Price Vs. Policy: A Tale of Two Markets

Wriston, Walter B.

2007

'How Soon Will the World Go Broke?'

 

I do not propose to tell what conclusion to draw from this. I merely report it as an interesting fact, and one you might want to remember the next time you see an alarming article asking "What's happening to the price of gold?" or "What's happening to the price of oil?"

The financial pages of the newspapers alternate between these two questions, but they are rarely discussed at the same time between they tend to cancel each other out. That would interfere with another favorite question: "How soon will the world go broke paying for high-priced oil, and when will the banks collapse?" As Tallulah Bankhead once said about a bad play, there is much less to that than meets the eye. But the curtain never seems to fall.

The argument for this scenario has been ably presented, for instance, by an international panel of experts to readers of the influential quarterly, Foreign Affairs:

In all likelihood, unless further approaches to cooperative action are made within the next few months, some oil importing countries will have run out of goods to sell, or markets to reach, or capacity to borrow to cover their deficits, and a number may have become unable to meet the servicing of the enlarged debts.

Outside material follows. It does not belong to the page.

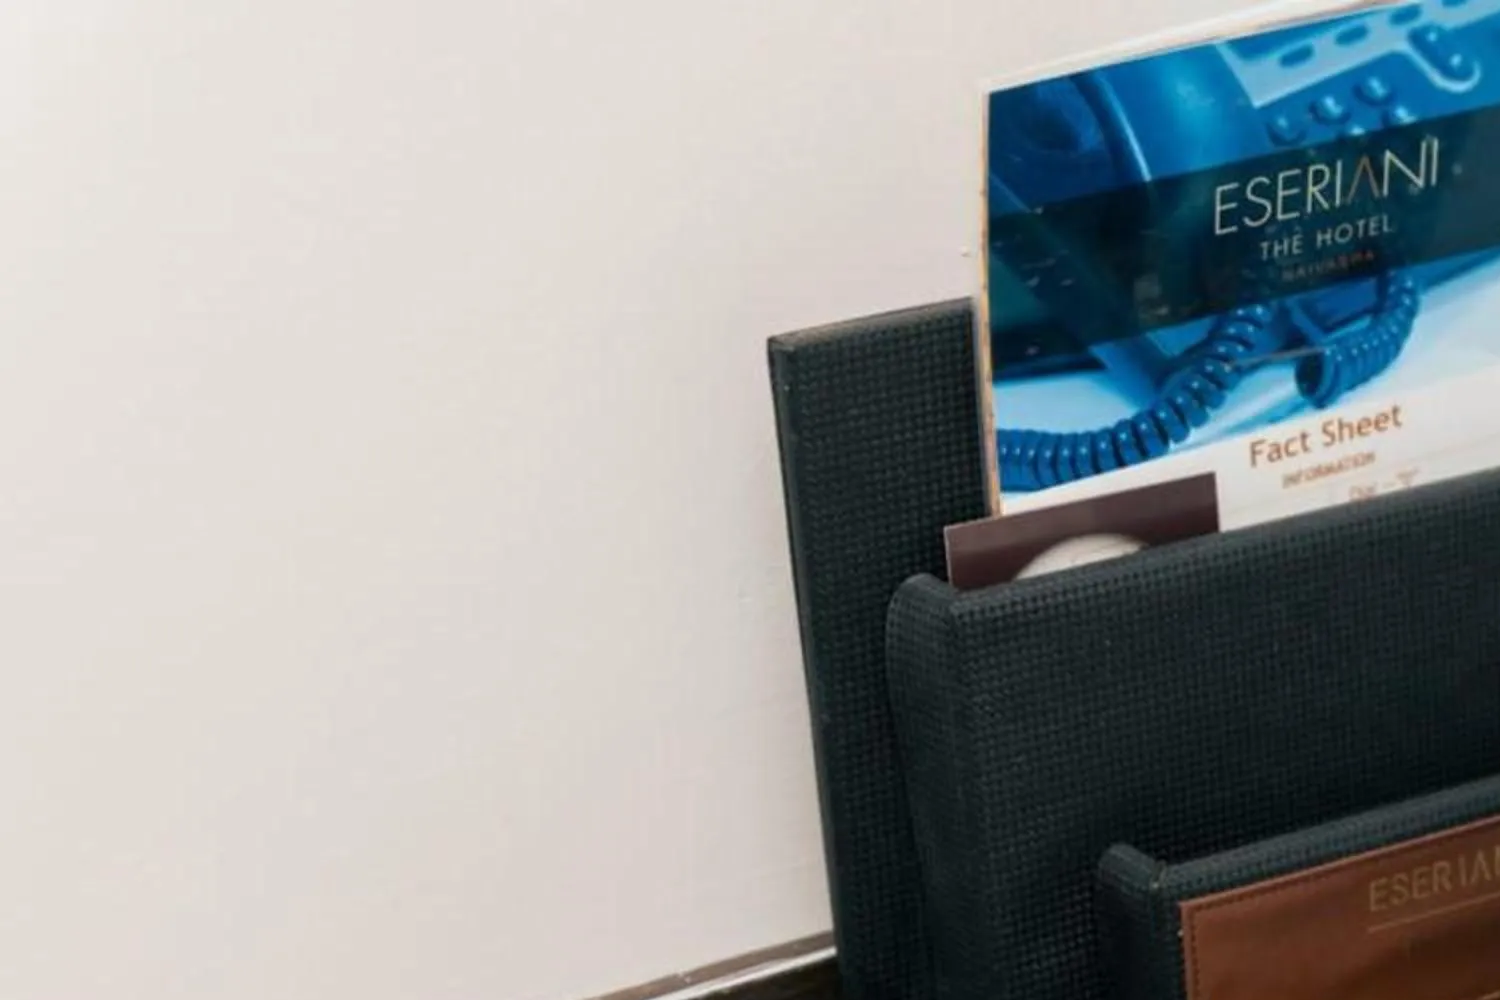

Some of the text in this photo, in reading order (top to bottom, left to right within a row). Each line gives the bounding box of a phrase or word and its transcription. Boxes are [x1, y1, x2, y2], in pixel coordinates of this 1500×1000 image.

Whether that would result in currency devaluations, in defaults by banking and business firms in those countries, in national debt moratoria, or in political revolution and debt repudiation, the entire structure of world payments, and of trade and financial relationships, would certainly be fractured.

Before anyone starts to head for the exits, let me hasten to add that "the next few months" referred to in the article have long since passed. The article appeared in the winter of 1974, following the first round of OPEC price increases. It was wrong, but it accurately reflected the conventional wisdom of the time. Those of us who believed in the strength of the marketplace simply could not get anyone's attention.